Christmas Eve
The light shines in the darkness, and the darkness has not overcome it. (John 1:5)
For today’s blog post, I’m going to quote someone else’s work, repeating a story that I’ve often used for “Blue Christmas” services. It has also been one of the most-requested messages I’ve ever delivered.
“When are you going to tell the candle story again?”
This seems like a good time to do that.
It’s a story I found on the internet years ago, submitted to a worship resource site by a minister in the Uniting Church of Australia. Her name is Jane Fry, and today she serves as the General Secretary of the Synod of New South Wales and the Australian Capital Territory. She did not write the story herself. But it recalls the true account of a Dutch veteran who was held prisoner in a Japanese internment camp during the Second World War.
I think the reason people have wanted to hear this story again is because it is so powerful. It’s not your usual kind of Christmas story … here it is, very slightly adapted from Rev. Fry’s version.
The Candle
Ah no, this is not really a Christmas story. It is not really a story either, it is an account, a plain account of something that happened somewhere. But it is not present-day news, which is what most reporting is about. This thing happened more than 80 years ago, but what does that matter? After all, the Christmas story, the real Christmas story, was not actually a story as such, and it is now old news too, around about two thousand years old. What then are 80 years here or there?
Furthermore, there is even a remarkable similarity, even though you might find it a bit far-fetched. The old Christmas story took place in a stall. The one that happened 80 years ago was also in a stall. Well, not a proper stall, but it looked like one.
It was a dark, gloomy shed. Inside, it was always half-light or darkness, but outside the light shone bright and glorious by day, and even at night it was still light outside, for the shed was in a tropical region under a glowing burning sun, as well as under a wonderful starry sky, and the moon seemed much bigger than here.
People lived in the shed. “Lived” is expressing it rather strongly. They were housed in it, because a little further off the sun or the moonlight sparkled from the barbed wire where it had not rusted in the course of years. For by now it had lasted years; or was it perhaps centuries?

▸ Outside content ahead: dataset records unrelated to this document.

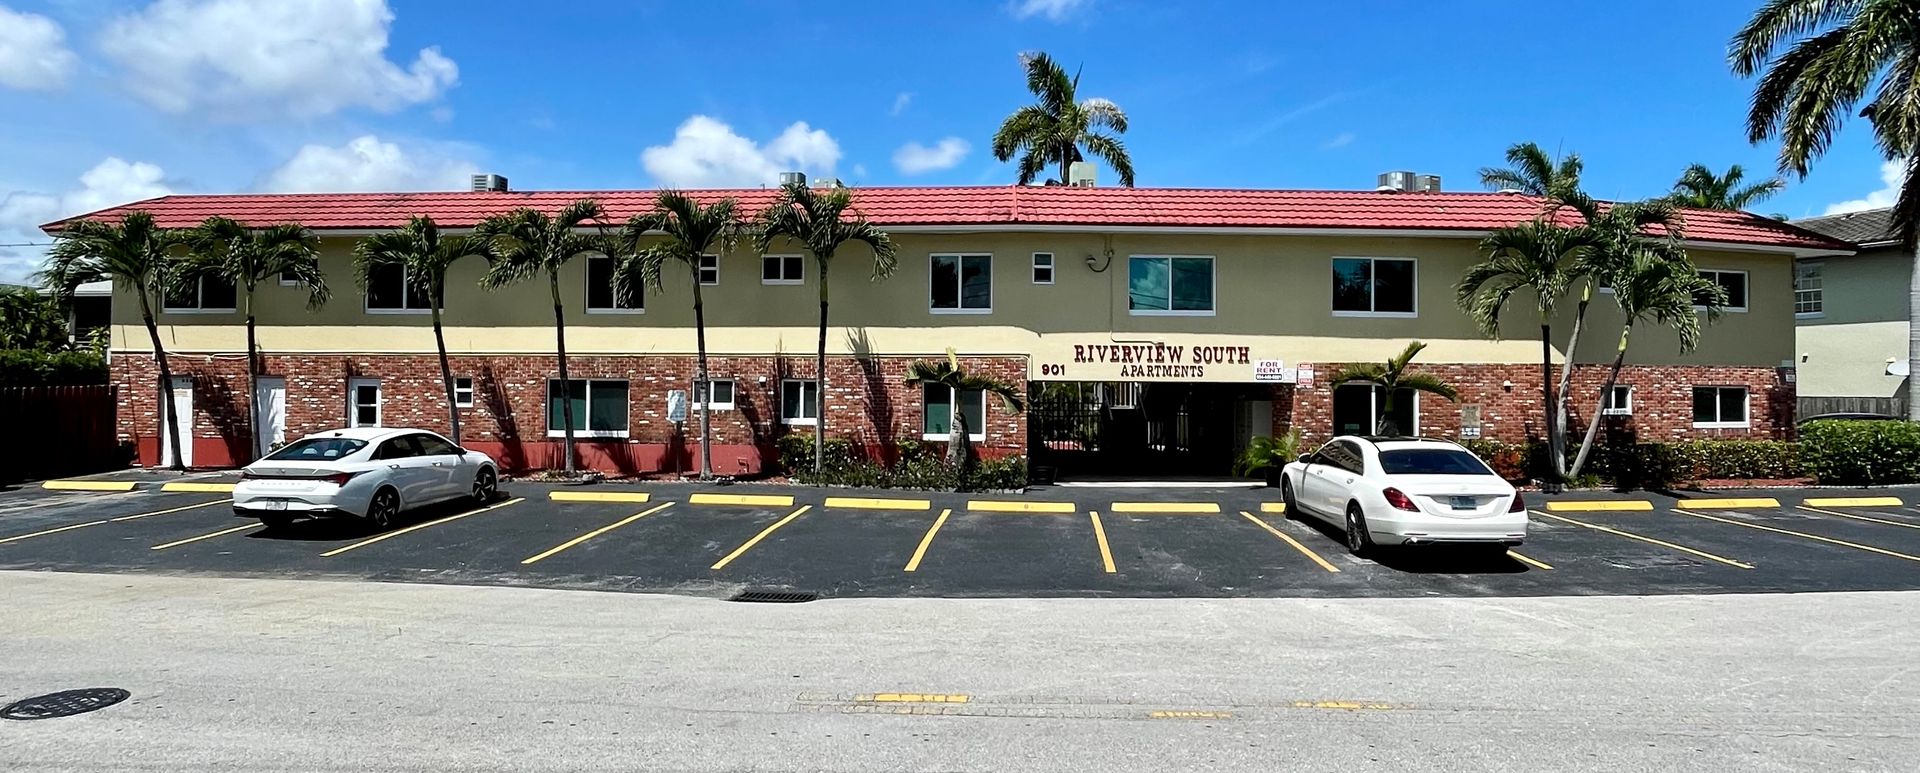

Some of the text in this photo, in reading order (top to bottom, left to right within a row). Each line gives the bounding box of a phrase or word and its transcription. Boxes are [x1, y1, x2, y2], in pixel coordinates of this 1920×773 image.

[1074, 345, 1250, 364] RIVERVIEW SOUTH
[1041, 364, 1065, 376] 901
[1120, 365, 1204, 377] APARTMENTS
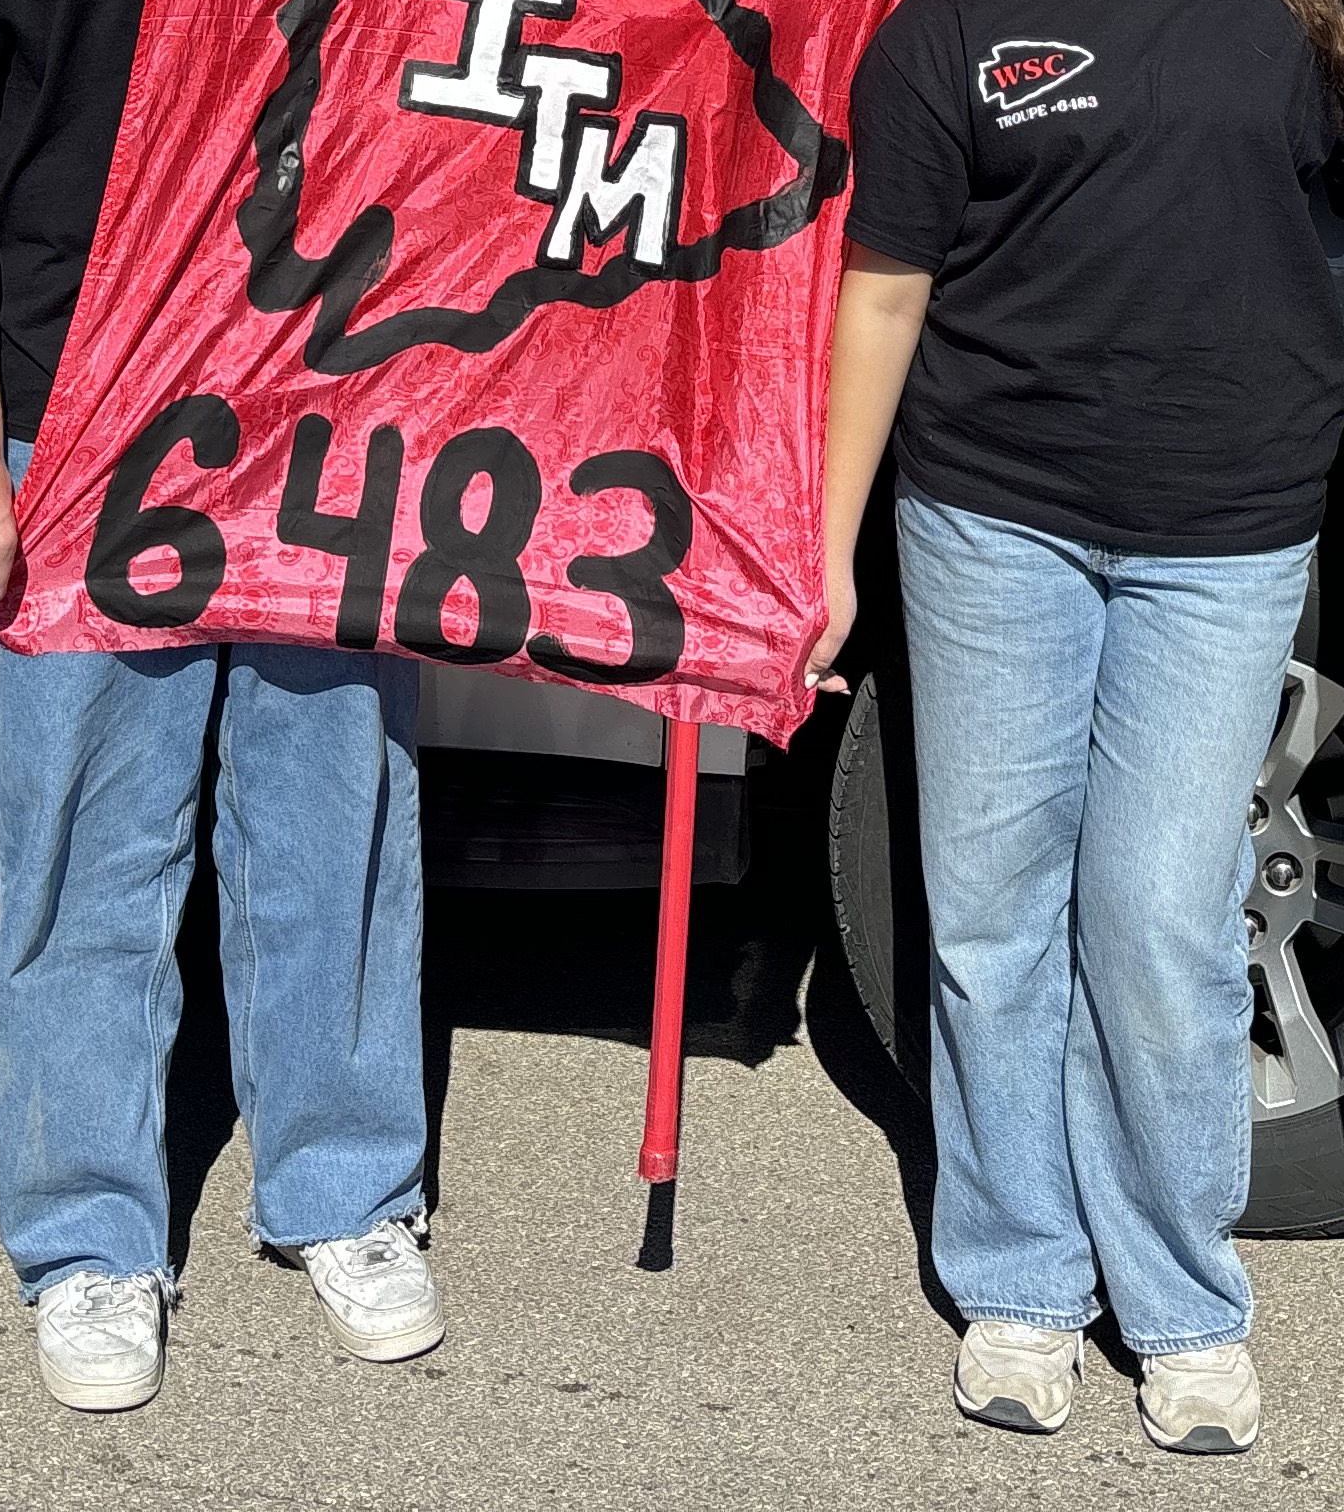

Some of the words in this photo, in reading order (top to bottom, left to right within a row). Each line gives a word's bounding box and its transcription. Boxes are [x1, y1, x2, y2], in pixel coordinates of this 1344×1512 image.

[992, 54, 1066, 88] WSC
[996, 104, 1048, 129] TROUPE
[84, 394, 692, 684] 6483
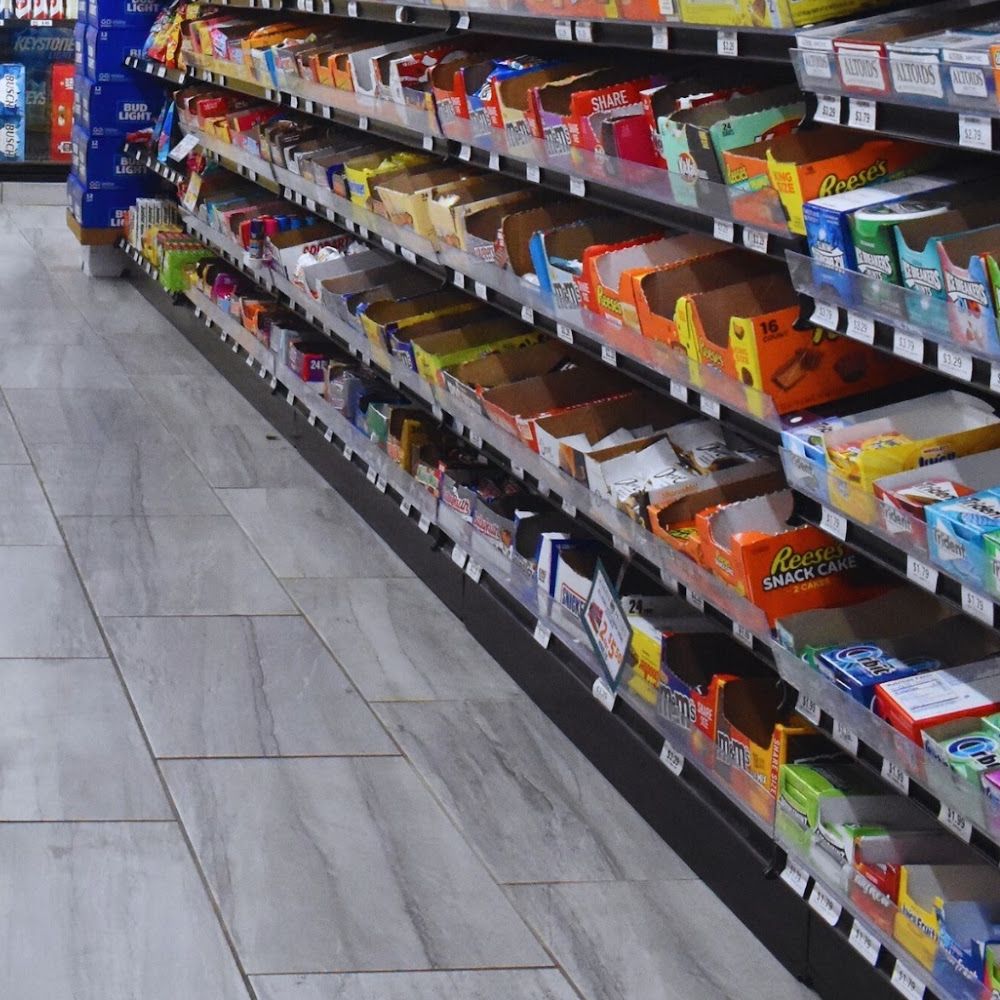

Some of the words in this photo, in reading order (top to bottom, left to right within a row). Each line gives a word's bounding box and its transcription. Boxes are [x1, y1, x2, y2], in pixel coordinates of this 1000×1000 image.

[126, 3, 161, 13] LIGHT
[14, 36, 75, 52] KEYSTONE
[843, 56, 880, 79] ALTOIDS
[896, 60, 937, 86] ALTOIDS
[952, 71, 985, 87] ALTOIDS
[4, 74, 16, 109] BUSCH
[590, 89, 628, 112] SHARE
[118, 111, 152, 121] LIGHT
[123, 102, 149, 113] BUD
[722, 122, 731, 131] 24
[4, 123, 16, 158] BUSCH
[115, 165, 148, 175] LIGHT
[773, 170, 793, 183] KING
[818, 160, 889, 199] Reese's
[776, 181, 795, 195] SIZE
[759, 319, 780, 334] 16
[942, 353, 963, 369] $3.29
[771, 542, 844, 573] Reese's
[762, 566, 816, 591] SNACK
[815, 555, 857, 577] CAKE
[793, 585, 800, 594] 2
[628, 599, 644, 616] 24
[836, 645, 896, 677] Orbit
[656, 684, 698, 729] m&m's
[717, 729, 752, 771] m&m's
[773, 737, 781, 767] SHARE
[947, 736, 1000, 768] Orb
[770, 769, 779, 799] SIZE
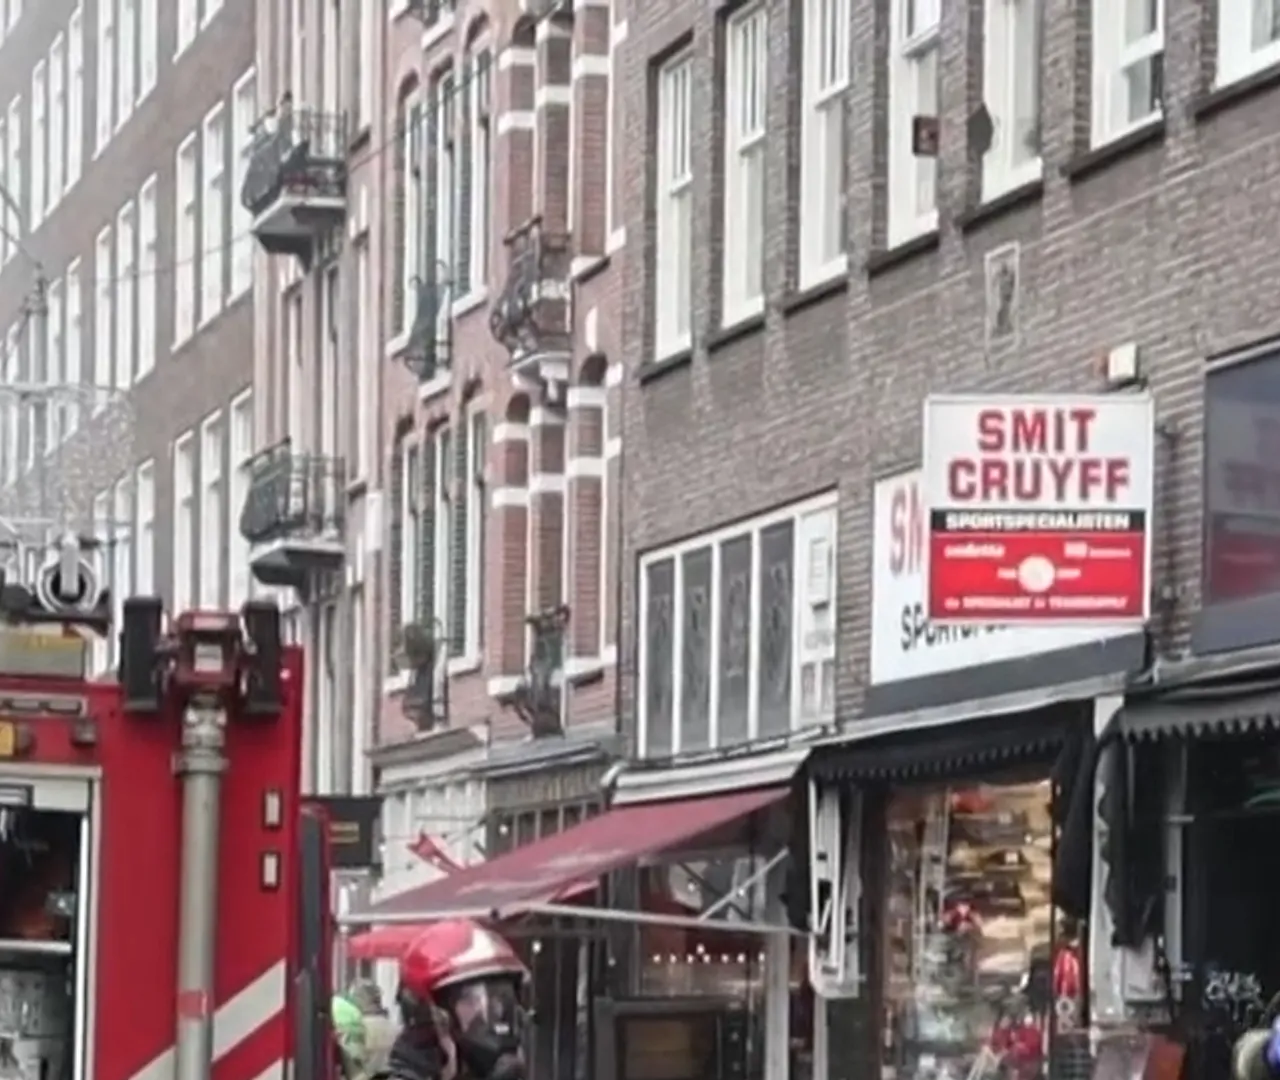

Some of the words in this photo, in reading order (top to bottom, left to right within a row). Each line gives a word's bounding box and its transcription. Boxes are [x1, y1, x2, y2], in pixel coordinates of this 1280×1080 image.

[977, 409, 1096, 453] SMIT
[948, 457, 1131, 501] CRUYFF
[945, 513, 1130, 531] SPORTSPECIALISTEN

We could not tell anymore. We were too tired and too sick and too weak to think about it, to count up the hours and the days. We had done that in the beginning, but that was long since past. We were much more concerned with eternity than with the day or the hour. Because so many were dying, beside us, opposite us, from hunger, dysentery and other tropical diseases; or simply because they did not want to live any more, their last spark of hope had been extinguished.
We did try a bit to keep going in that concentration camp. We did not really know anymore why. For a long time we no longer believed that the war would end and that we would be liberated.
We went on living out of force of habit, numbed and deadened, and with one great desire that now and again leapt at your throat like a wild beast: and that was to eat, eat no matter what. But there was nothing to eat, we were being systematically starved. Once in awhile someone would catch a snake or a rat. But just forget it, no one who has survived it wants to talk about it.
There was one man in that camp who still possessed something to eat. A candle. A plain wax candle.
Of course he had not bought it originally or kept it just to eat it. A normal person does not eat candle-fat, although they say that the Cossacks used to be very fond of it.
In any case, it is fat, and that you must not underestimate, when all you see around you are starved bodies and you know yourself to be one of them.
When the torture of hunger became beyond bearing he would take out the candle, which he kept well hidden in a little dented tin box, and he would nibble at it, but he did not eat it.
He regarded the candle as the last resort. As soon as everyone should go mad with hunger (and that would not be long now) he was going to eat the candle up.
I hope you don’t find that insane or gruesome. I, who was his friend, found it quite normal at the time.
Besides, he had promised me a bit of the candle. It became my life’s task, my constant care, to watch out that he should not eat the candle all by himself after all.
I kept watch and spied on him and his tin box day and night. Perhaps I remained alive because I had such an important task to carry out.
Now, all of a sudden, we discovered that it was Christmas. Quite by chance, someone found out after some lengthy calculations made from little nicks and notches cut in a plank. He told it to everyone and added in a rather flat and expressionless tone of voice, “Next year, we’ll be home for Christmas.”
We nodded or made no comment at all. We had heard that now for several years. But there were a few who held fast to the idea. After all, you never knew.
Then someone spoke, perhaps not with any particular intention, but perhaps on purpose after all—I never really found out: “At Christmas, the candles are burning and the bells are ringing.”
That was a strange thing to say. It sounded as a faint, hardly audible sound from a great distance, from long ago, something completely unreal. And I must say that the remark simply went past most of us, it just did not have anything to do with us, it spoke of something quite outside our existence, but it had the strangest and most unexpected consequences.
When it had grown late in the evening and everyone more or less lain down on the boards with his own thoughts or actually, quite without thoughts, my friend became restless. He groped for his box and brought the candle out. I could see it very well in the gloom, the white candle.
“He’ll eat it up,” I thought, “Will he remember me” and I looked at him through my eyelashes.
He set the candle on his plank bed and I saw him disappear outside to where a little fire was smoldering. He came back with a burning stick. Like a ghost, that little flame wandered through the hut till he got back to his place again. Then the strange thing happened: he took the burning stick, that flame, and he lit the candle.
The candle stood on his bed and was burning.
I do not know how everyone noticed it right away, but it was not long before one shadow after another drifted over, half-naked fellows, whose ribs you could count, with hollow cheeks and burning, hungered eyes. In the silence, they made a ring around the burning candle.
Bit by bit they came forward, those naked men, and the minister and the priest.
You could not see that they were minister and priest, they were just pieces of starved skeleton, but we happened to know that they were. The priest said, in a croaking voice: “It is Christmas. The light shines in the darkness.”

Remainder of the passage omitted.